Similarly, by checking correlation among molecular traits across all layers, we found 88 potential regulatory pathways of lung cancer by a hill-climbing strategy (Fig. 4B; Supplementary Table 24). For example, DNA methylation cg06212412 (TRIM26) associated with an increased lung cancer risk was negatively (r = -0.45, q-FDR < 0.0001) correlated with gene expression of ANKRD35, which was a protective factor of lung cancer and was positively (r = 0.33, q-FDR < 0.0001) associated with protein fructose-bisphosphate aldolase B, which was a protective factor of lung cancer. Meanwhile, the protein fructose-bisphosphate aldolase B was positively (r = 0.32, q-FDR < 0.0001) associated with metabolite heptanoate (7:0), which was a protective factor of lung cancer. That is, cg06212412 may affect the development of lung cancer through regulating ANKRD35 expression, protein fructose-bisphosphate aldolase B and then metabolite heptanoate (7:0).
Discussion
In this study, we conducted a comprehensive multi-omics integrative analysis within xWAS framework by leveraging four large-scale lung cancer consortium-based individual-level lung cancer GWAS datasets and alliance-based xQTL summary-level data. We identified 123 novel biomarkers and nominated 83 novel genes for lung cancer. Besides, 12 overlapping genes across different omics layers and 106 potential cross-layer potential molecular pathways were discovered. These findings highlighted the critical role of integrating xQTL data from multiple omics layers with GWAS data in studying the molecular mechanisms of complex diseases.
The first step of xWAS was to develop prediction models of molecular traits. The SNPs that reached the genome-wide significance level with the Bonferroni correction (5× 10-8 = 0.05/the number of biomarkers tested) were included in the development of the prediction model using LDpred2. Compared to previous studies, the median h2model was lower in our MWAS (0.010) and relatively consistent in EWAS (0.023), TWAS (0.025), and PWAS (0.062)9,16,23. Since metabolites are downstream products, the genetic-determinant proportion might be less than the upstream molecular traits, such as DNA methylation or gene expression. And there are challenges of using the metabQTL summary-level data rather than raw individual-level data, and the use of the entire genome for prediction rather than just cis-SNPs or significant signals. Nonetheless, among the 320 metabolites genetically predicted by LDpred2, 140 (43.75%) metabolites could still be well predicted at or above the h2median and the h2model threshold of 0.01, which was commonly used by previous studies to filter out poorly predicted biomolecules. This supports the feasibility of our MWAS performing comparably to EWAS, TWAS and PWAS in testing associations.

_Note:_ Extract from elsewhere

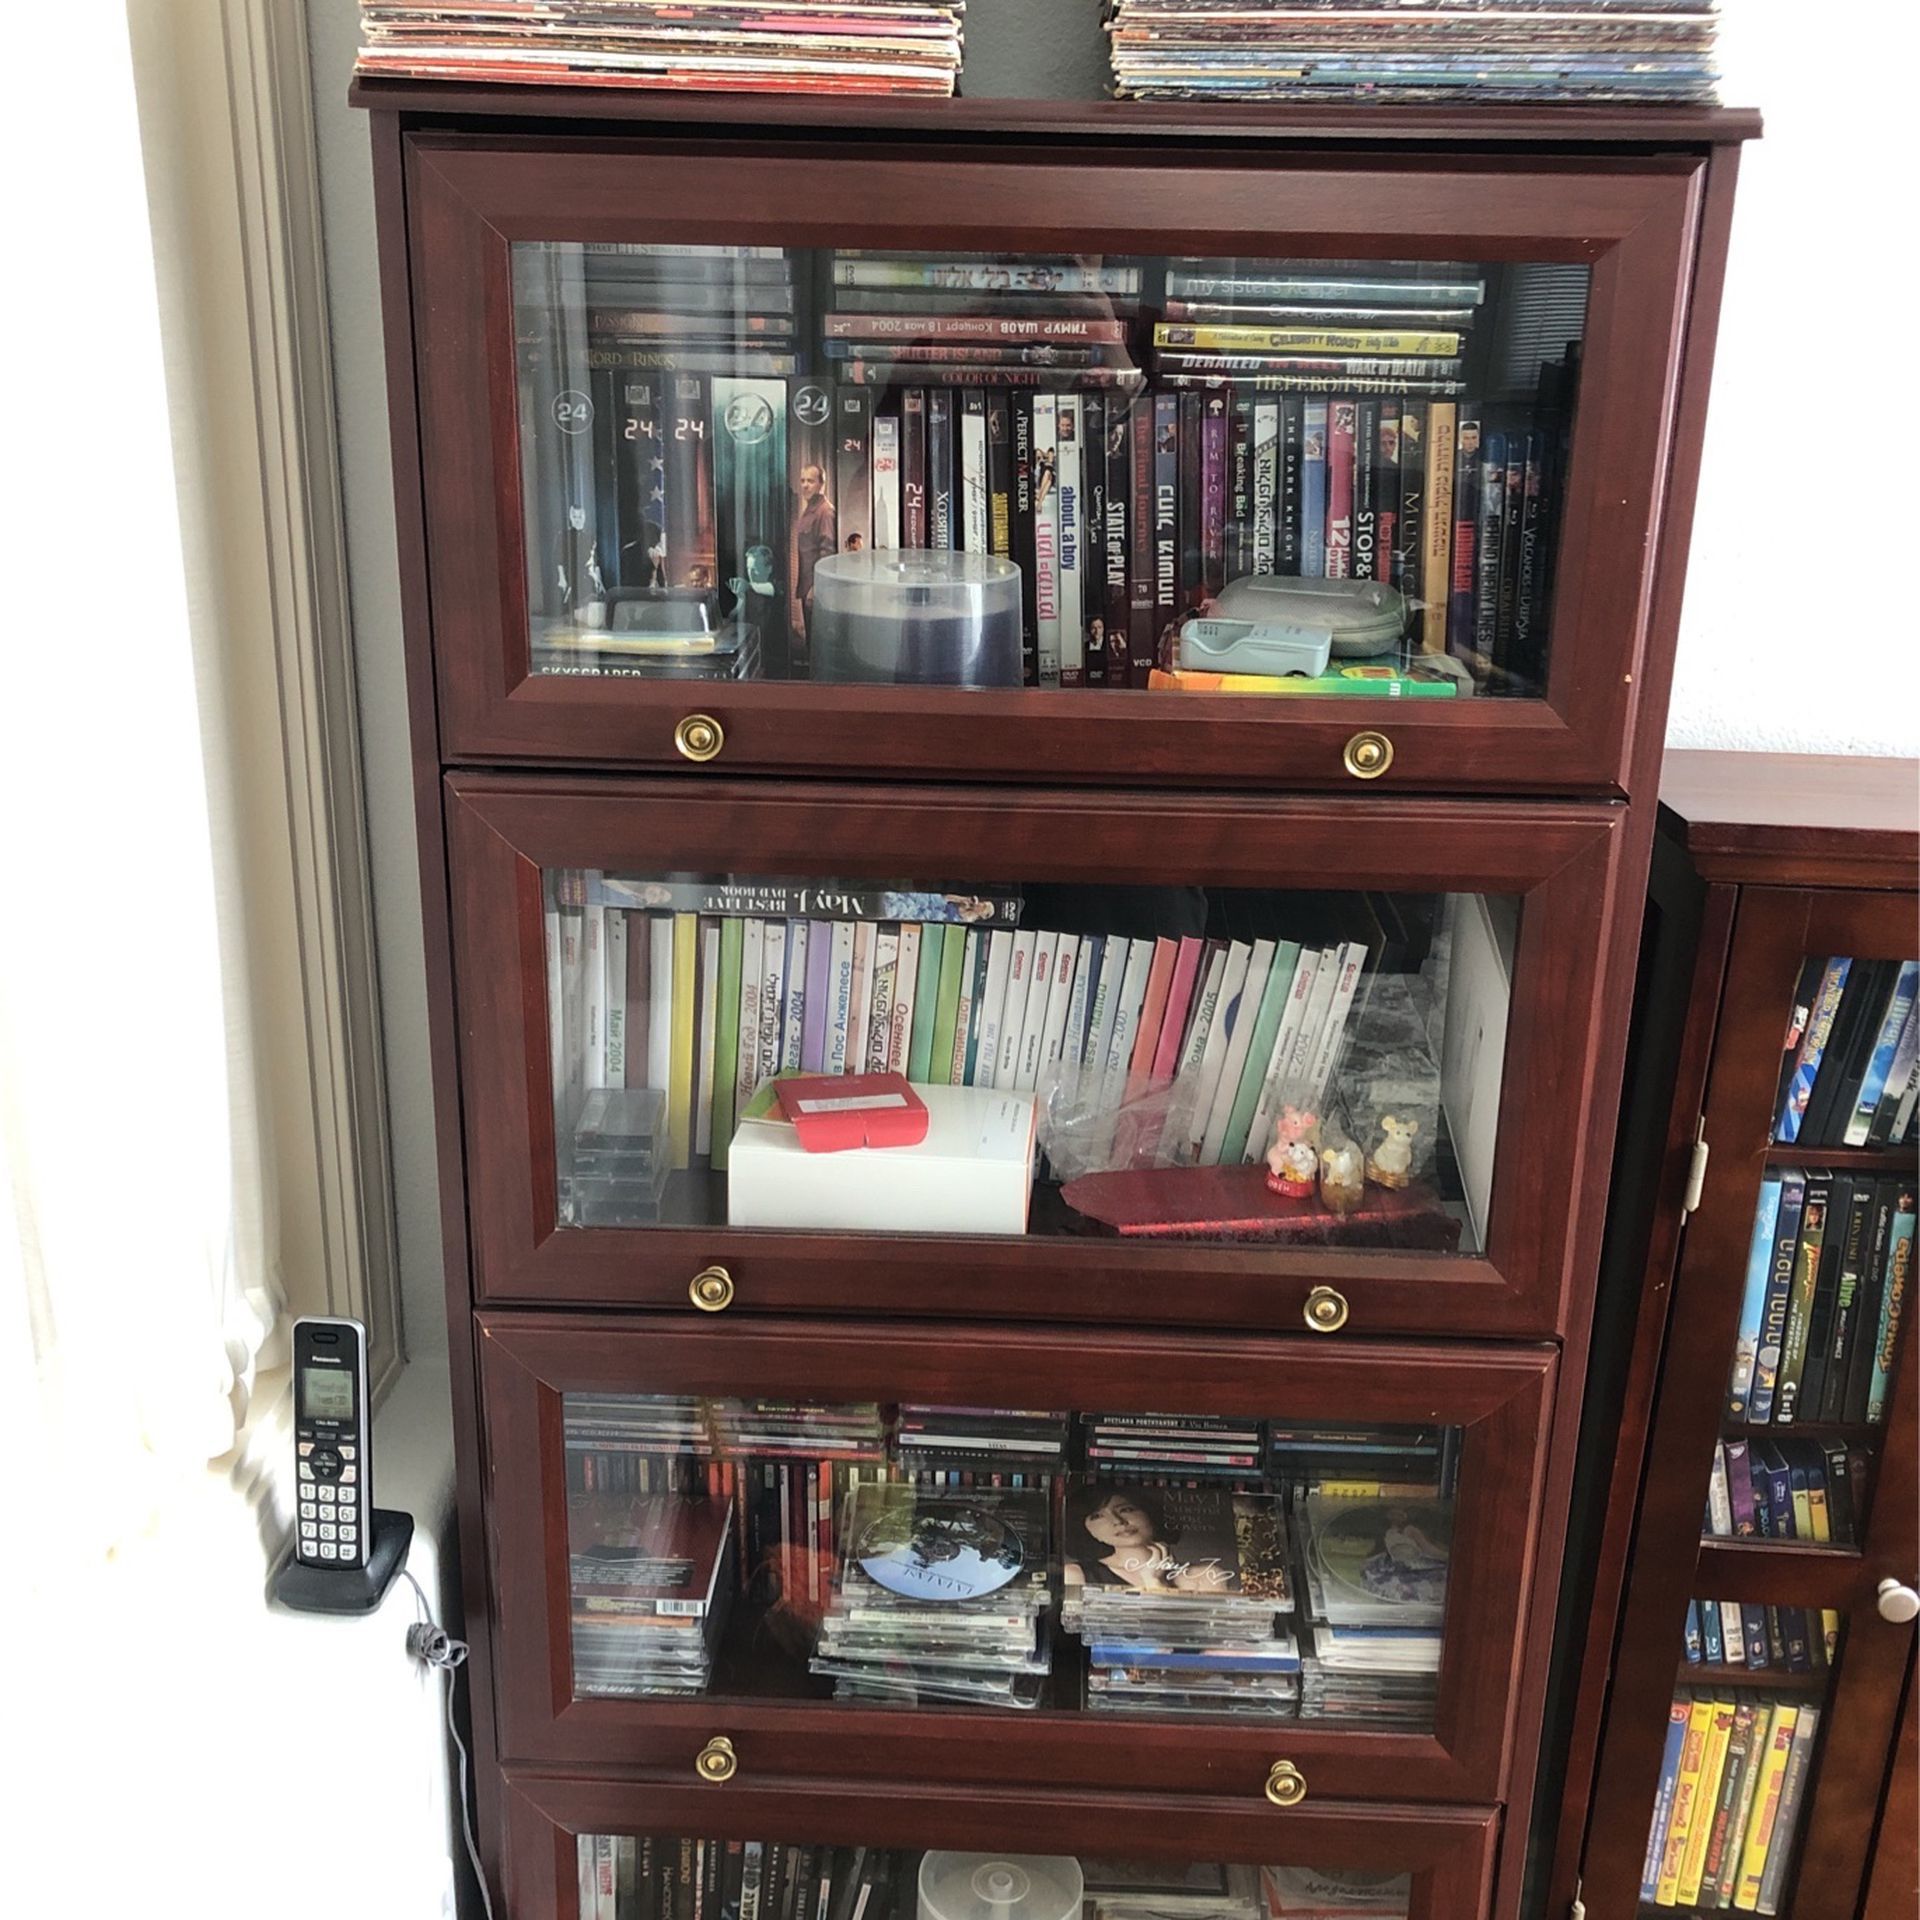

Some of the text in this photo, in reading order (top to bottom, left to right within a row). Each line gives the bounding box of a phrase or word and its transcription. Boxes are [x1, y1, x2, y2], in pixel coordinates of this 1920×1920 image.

Previous studies have observed an 8% improvement in lung cancer discrimination by adding 6 CpGs into conventional risk prediction models24. Similarly, an early screening and diagnostic models for NSCLC that integrated proteins and metabolites outperformed classical clinical panel alone25. These evidences hint that integrating biomarkers across multiple omics layers from our xWAS will lead to the development of higher performing lung cancer risk prediction and diagnostic models. Our xWAS identified 134 significant biomarkers across different layers, which enables a chance for improvement of lung cancer prediction model. Among them, 54 CpG sites, 60 gene expressions, 4 proteins and 5 metabolites have not been reported in previous publications10,14,15,26–31 Our EWAS identified novel lung cancer associated DNA methylation regions, such as cg19628603 in 6p21.32, cg19771589 and cg17663463 in 19q13.43. Besides, cg11412248 (15q25.1) was associated with follicular thyroid carcinoma32 and papillary thyroid carcinoma32,33, and cg26496204 (20q13.32) in novel regions was associated with B acute lymphoblastic leukemia34, indicating a potential methylation phenomenon of multicancer risk. Our TWAS identified several novel genes for lung cancer not reported before, such as ZNF277 in 7q31.1. ZNF277 represses transcription of the tumor suppressor gene INK4A/ARF (recorded in GeneCards). Granzyme A (GZMA), the protein with the highest protective effect, was first identified associated with lung cancer by our PWAS. As a T cell- and natural killer cell-specific serine protease, GZMA can catalyze cleavage of gasdermin-B gasdermin-B (GSDMB), releasing its pore-forming N-terminal domain, which provokes cancer cell death35. The majority of metabolites identified by our MWAS were fatty acids (FAs), including nonadecanoate (19:0), stearate (18:0) and caprate (10:0). These were negatively associated with lung cancer due to their roles in membrane formation, energy storage, and tumor signaling36. Decreased levels of FAs, such as caprate (10:0), nonadecanoate (19:0), and stearate (18:0), have also been observed in the plasma of East Asian lung cancer patients37, which can support our results.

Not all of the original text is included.